Alexei Zabotkin, head of the monetary policy department at the Russian central bank, said the Fed is expected to cut U.S. borrowing costs twice in the first half of 2020.
“This gives an extra space for monetary policy easing in emerging market countries and in Russia in particular,” Zabotkin told a monetary policy meeting in Russia’s lower house of parliament.
Zabotkin also said that slowing inflation means the Russian central bank is considering a rate cut “in the near future”.
The bank is gradually cutting rates as it normalizes policy after economic and financial shocks caused by Western sanctions on Russia, and as inflation, its key area of responsibility, has slowed to its 4% target.
If the key rate is cut from its current level of 7%, it will dive below that mark for the first time since March 2014 and into the 6-7% range that the central bank deems neutral. RUCBIR=ECI
Zabotkin said it was too early to revise the neutral range but it was possible in the future.
Zabotkin’s comments echoed those of his boss, central bank governor Elvira Nabiullina, who said last week that the bank could now cut rates faster than previously thought.
Nabiullina’s comments moved the market last week, boosting prices of government bonds that move inversely with yields.

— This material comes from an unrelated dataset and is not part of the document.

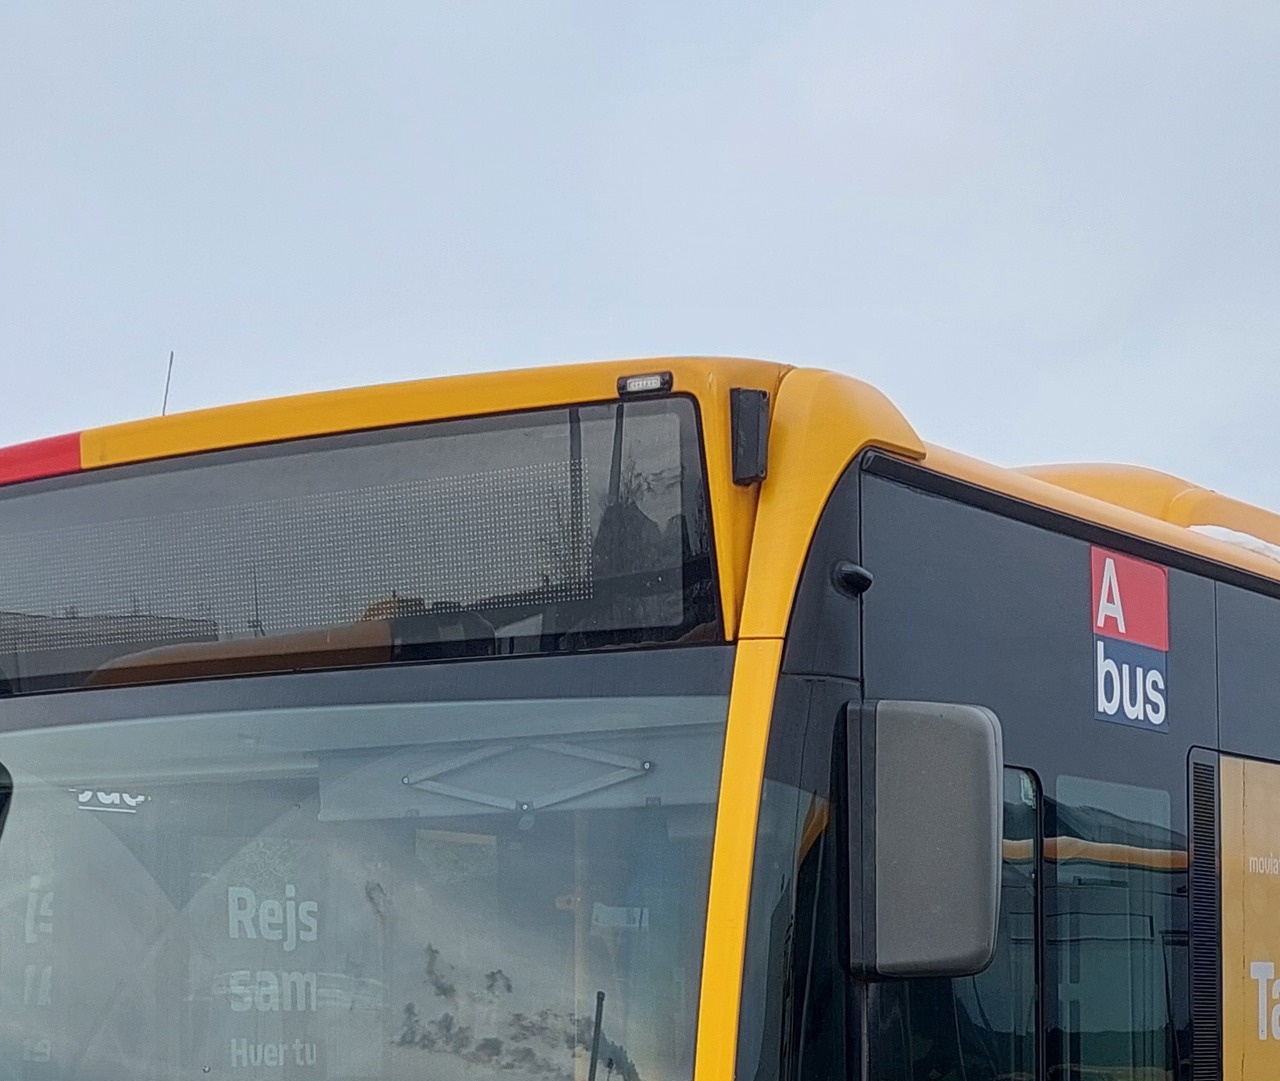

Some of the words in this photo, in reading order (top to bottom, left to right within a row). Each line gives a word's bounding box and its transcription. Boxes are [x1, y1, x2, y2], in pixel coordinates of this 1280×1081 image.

[1097, 557, 1126, 634] A
[1096, 640, 1166, 725] bus
[228, 885, 318, 951] Rejs

Investors are keen to buy into Russian debt before rates fall, possibly as soon as central bank meetings due on Oct. 25 and Dec. 13.
The Federal Reserve will hold its own rate-setting meeting on Oct. 30. It has cut U.S. interest rates twice in 2019 and expectations of further reductions in 2020 prompted Zabotkin to hint at easier monetary policy at home, which he said will help accelerate lending activity in Russia.
The Russian central bank has cut rates three times so far this year as the Russian economy was battling sluggish economic growth and gloomy forecasts.
First Deputy Governor Ksenia Yudayeva also said on Monday there was scope for rate cuts at a faster pace than the central bank had previously expected.